Reverse recovery time in rectifying diodes is a parameter that we used to be able to ignore. When the incoming AC power was 60 Hz and the current draw was a few Amps, reverse recovery time of microseconds didn't matter much. Now, we have switch-mode power supplies. Switching frequencies are in the hundreds of kHz to several MHz, and current draw is tens or hundreds of amps. Under these conditions, we ignore this spec at our own peril.
For this discussion, “current flow” means conventional current flow, not electron flow. Electron flow is in the opposite direction. In a perfect diode, when forward biased, current flows from anode to cathode. At the instant that the polarity reverses, current flow ceases. In the real world, a finite amount of time passes while the holes and electrons near the P and N material boundary combine. This amount of time is the reverse recovery time (or the transient reverse recovery time). So while holes and electrons are moving in the opposite direction from their normal conduction direction, the diode is passing current in the reverse direction. Not what you expect from your diodes.

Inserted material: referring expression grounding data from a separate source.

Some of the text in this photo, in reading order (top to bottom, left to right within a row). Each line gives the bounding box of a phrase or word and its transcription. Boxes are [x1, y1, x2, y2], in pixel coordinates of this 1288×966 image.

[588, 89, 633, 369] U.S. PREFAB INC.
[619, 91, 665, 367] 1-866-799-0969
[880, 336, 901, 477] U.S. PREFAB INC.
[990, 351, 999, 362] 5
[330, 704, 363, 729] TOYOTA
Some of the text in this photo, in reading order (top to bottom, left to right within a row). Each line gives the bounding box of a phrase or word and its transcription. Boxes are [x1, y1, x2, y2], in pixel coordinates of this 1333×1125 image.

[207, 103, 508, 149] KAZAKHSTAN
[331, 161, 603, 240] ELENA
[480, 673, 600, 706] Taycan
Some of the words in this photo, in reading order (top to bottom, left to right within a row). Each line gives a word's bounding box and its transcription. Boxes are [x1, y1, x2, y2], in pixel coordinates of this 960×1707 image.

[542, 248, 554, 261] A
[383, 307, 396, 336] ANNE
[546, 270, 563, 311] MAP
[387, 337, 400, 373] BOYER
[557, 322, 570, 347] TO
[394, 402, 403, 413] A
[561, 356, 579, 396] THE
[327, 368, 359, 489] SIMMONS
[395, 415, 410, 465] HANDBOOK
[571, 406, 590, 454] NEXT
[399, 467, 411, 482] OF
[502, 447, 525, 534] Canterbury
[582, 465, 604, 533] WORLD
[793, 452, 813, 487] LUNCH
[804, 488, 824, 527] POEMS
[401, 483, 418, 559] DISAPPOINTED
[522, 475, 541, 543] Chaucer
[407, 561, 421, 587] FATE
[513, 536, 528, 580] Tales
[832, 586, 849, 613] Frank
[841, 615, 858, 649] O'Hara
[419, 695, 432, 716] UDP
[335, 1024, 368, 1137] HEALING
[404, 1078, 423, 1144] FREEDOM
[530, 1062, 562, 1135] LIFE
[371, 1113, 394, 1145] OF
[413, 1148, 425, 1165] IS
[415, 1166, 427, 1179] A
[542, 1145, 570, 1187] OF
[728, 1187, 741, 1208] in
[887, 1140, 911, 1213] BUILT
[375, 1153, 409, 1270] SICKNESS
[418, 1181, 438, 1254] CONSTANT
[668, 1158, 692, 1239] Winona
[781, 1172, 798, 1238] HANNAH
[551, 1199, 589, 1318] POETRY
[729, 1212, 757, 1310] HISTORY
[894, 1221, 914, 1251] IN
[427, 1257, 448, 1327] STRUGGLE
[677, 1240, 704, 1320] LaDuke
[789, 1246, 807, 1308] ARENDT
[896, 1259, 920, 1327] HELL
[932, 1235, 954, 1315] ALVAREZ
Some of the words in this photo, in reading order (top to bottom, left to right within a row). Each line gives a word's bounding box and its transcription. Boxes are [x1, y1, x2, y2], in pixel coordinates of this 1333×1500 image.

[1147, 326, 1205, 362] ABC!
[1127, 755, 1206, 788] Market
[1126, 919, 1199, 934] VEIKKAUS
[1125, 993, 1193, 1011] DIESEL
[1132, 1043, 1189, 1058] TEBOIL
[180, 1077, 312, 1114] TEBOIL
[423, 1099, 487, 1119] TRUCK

What are the consequences? Lower power supply efficiency, of course, as we are wasting energy. And excessive heating in the diode (that's where the wasted energy manifests). Lower reliability in the diodes as the PN junction slowly deteriorates. And increased EMI due to the short high-current burst in the wrong direction. When reverse recovery time is causing EMI, it is often overlooked as the likely source and can be difficult to track down.
To fix this, you could lower your switching frequency, but then your transformers (in a flyback design) or inductors (in a buck design) get bigger. That uses up more space on the PC board and probably increases overall cost.
You can add a series R-C snubber across each diode. This will slow down the di/dt and protect the diodes. But you will get a certain amount of power dissipation in the resistor in the R-C snubber. No free lunch here.
There are variations on the R-C snubber that add an extra diode. That can help reduce the reverse current with less power dissipation (search for “RCD clamp”). Related to the transformer based designs, reduce the leakage inductance and you can reduce the reverse current problem somewhat. For example, if the transformer secondary is centered-tapped, using a bifilar winding technique can help. Better (faster) diodes will help although they will probably cost more.
These ideas can be expanded upon and I'll prepare a larger article on the topic later. For now, comments welcome.